Dichloroacetate increases glucose use and decreases lactate in developing rat brain.

Dichloroacetate (DCA) activates pyruvate dehydrogenase (PDH) by inhibiting PDH kinase. Neutralized DCA (100 mg/kg) or saline was intravenously administered to 20 to 25-day-old rats (50-75g). Fifteen minutes later a mixture of [6-14C]glucose and [3H]fluorodeoxyglucose (FDG) was administered intravenously and the animals were sacrificed by microwave irradiation (2450 MHz, 8.0 kW, 0.6-0.8 sec) after 2 or 5 min. Brain regional rates of glucose use and metabolite levels were determined. DCA-treated rats had increased rates of glucose use in all regions studied (cortex, thalamus, striatum, and brain stem), with an average increase of 41%. Lactate levels were lower in all regions, by an average of 35%. There were no significant changes in levels of ATP, creatine phosphate, or glycogen in any brain region.

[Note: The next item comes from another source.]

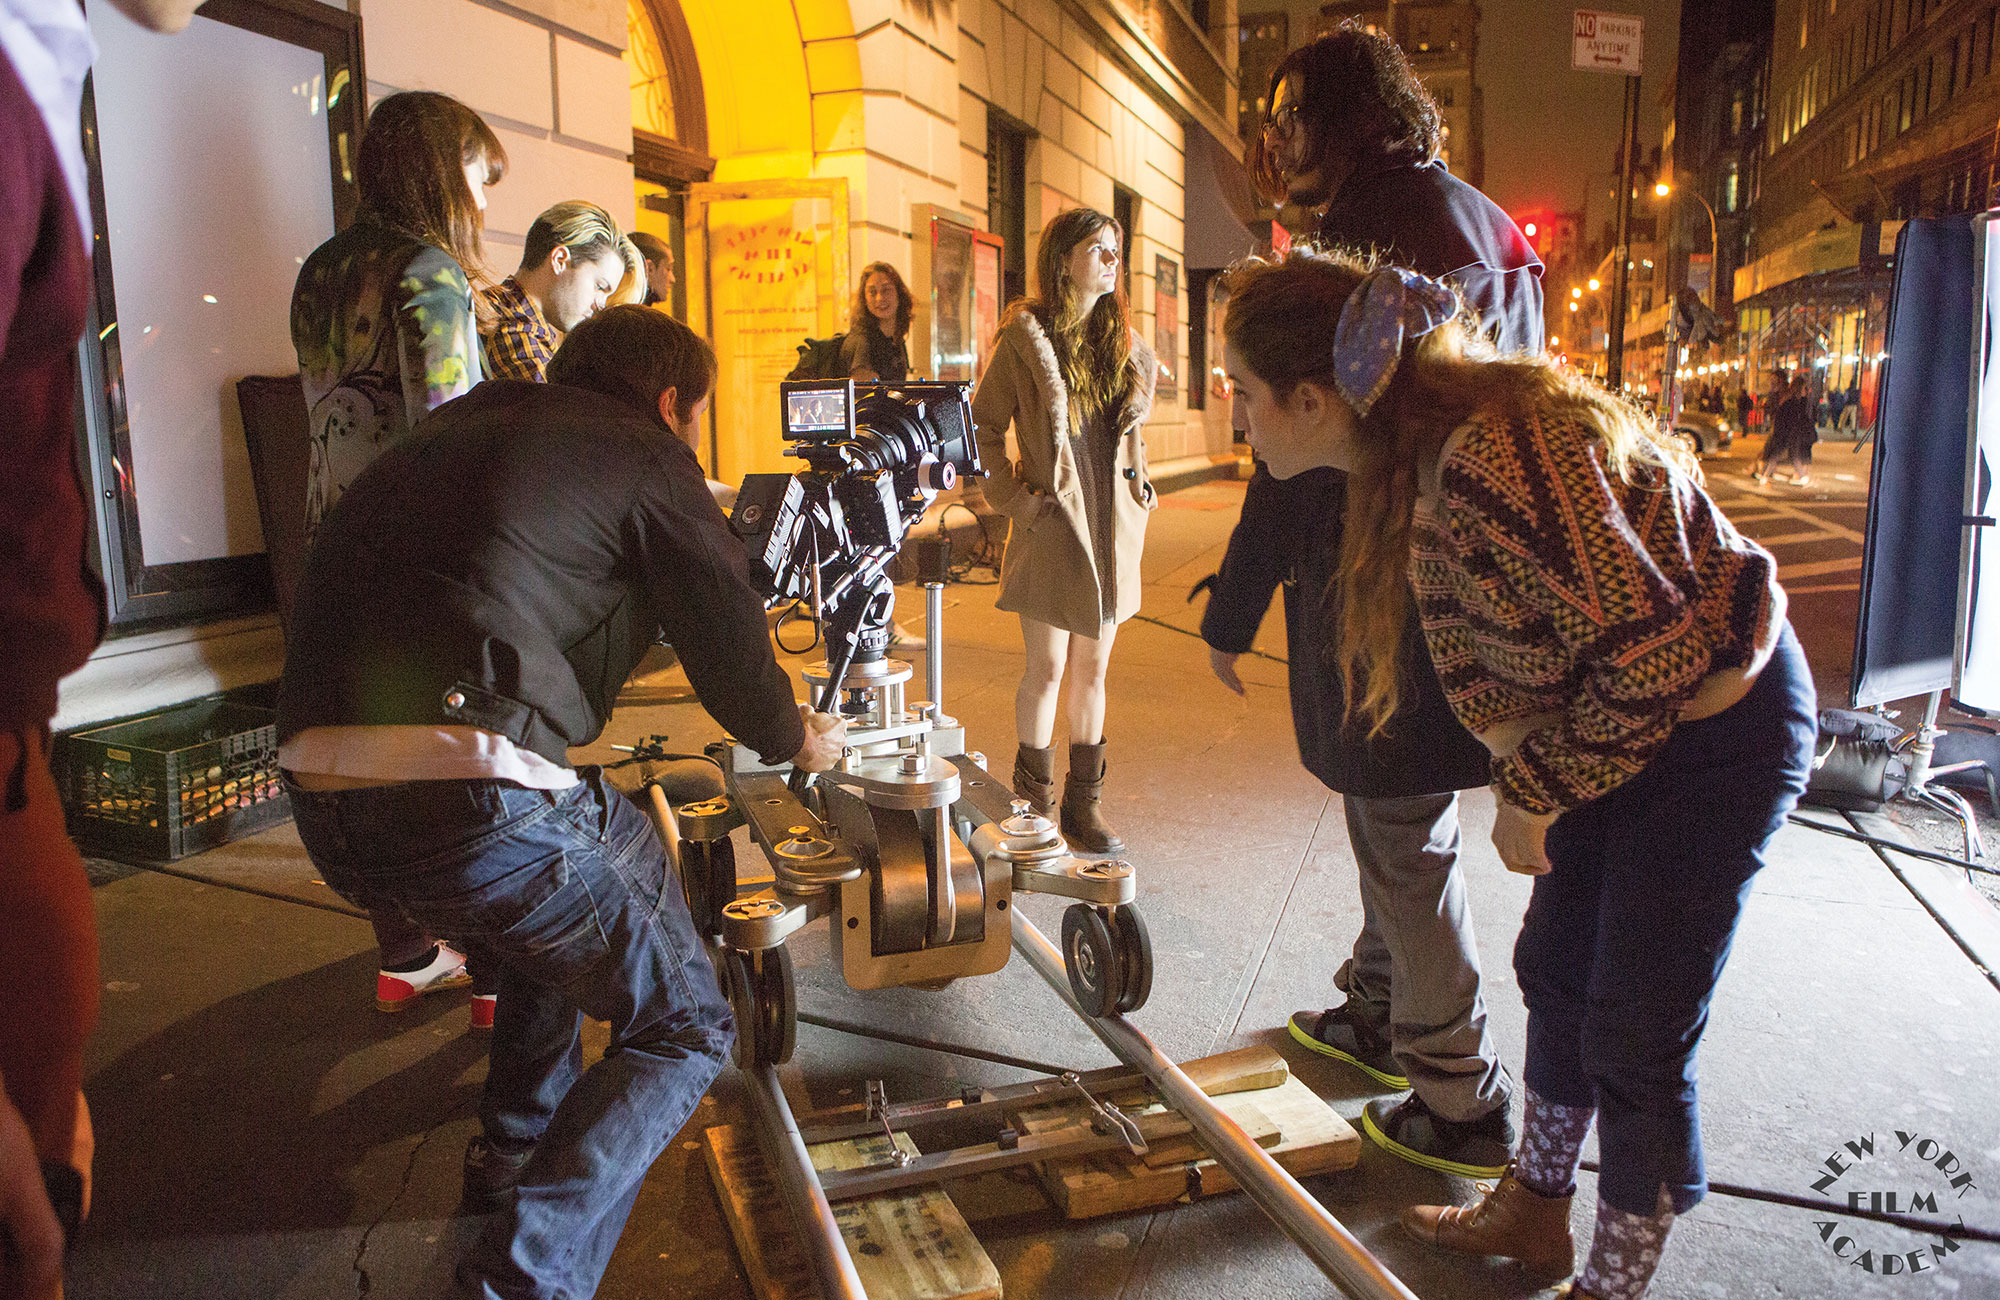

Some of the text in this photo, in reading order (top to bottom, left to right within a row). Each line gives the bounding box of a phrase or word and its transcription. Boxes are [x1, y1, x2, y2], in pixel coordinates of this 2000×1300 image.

[1576, 13, 1637, 38] NO PARKING
[1586, 41, 1630, 56] ANYTIME
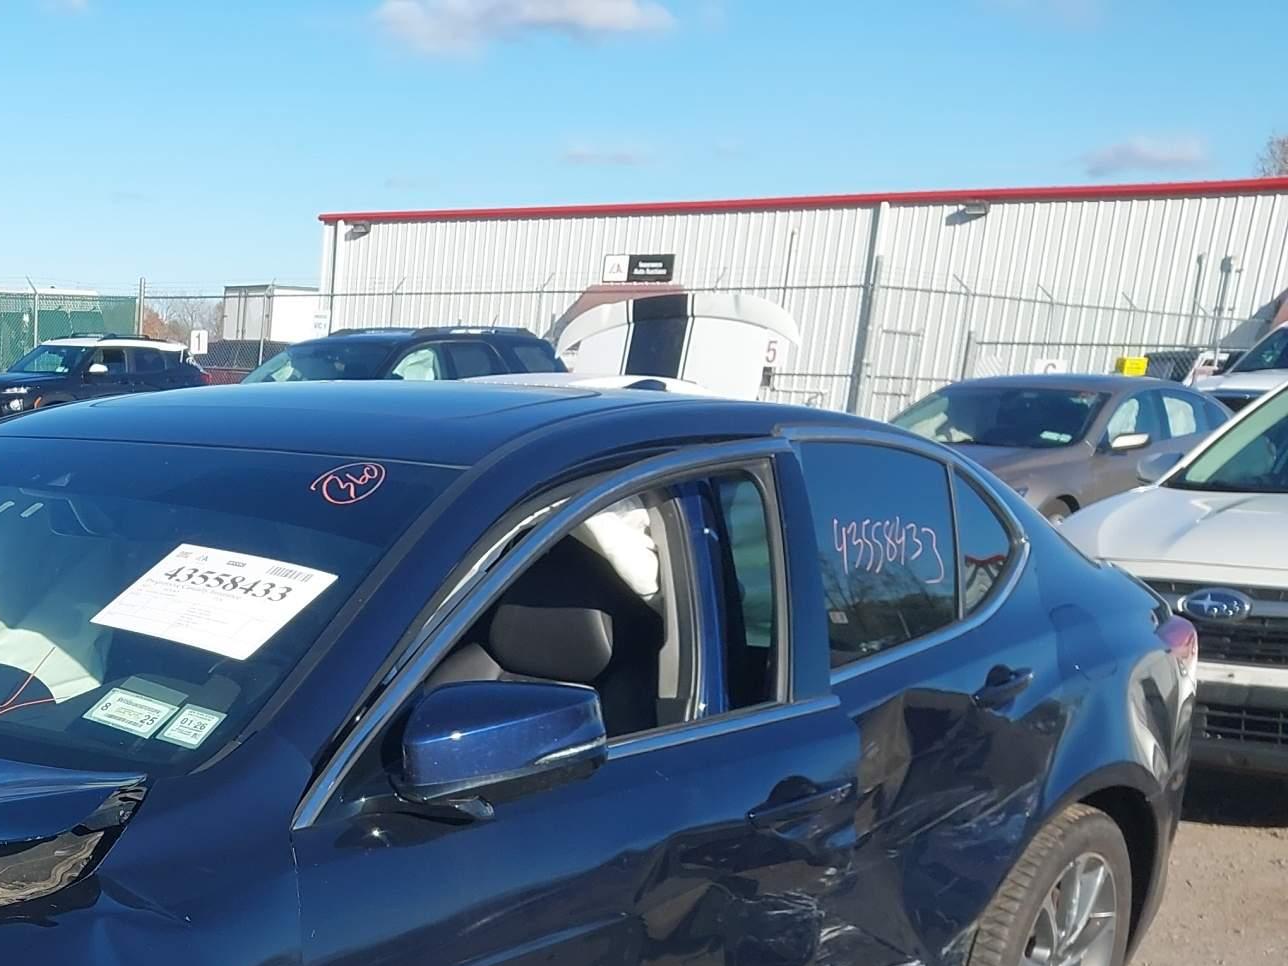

Blood levels of lactate did not differ significantly between the DCA- and the saline-treated groups. Blood glucose levels were higher in the DCA group. In rats sacrificed by freeze-blowing, DCA treatment caused lower brain levels of both lactate and pyruvate. These results cannot be explained by any systemic effect of DCA. Rather, it appears that in the immature rat, DCA treatment results in activation of brain PDH, increased metabolism of brain pyruvate and lactate, and a resulting increase in brain glycolytic rate.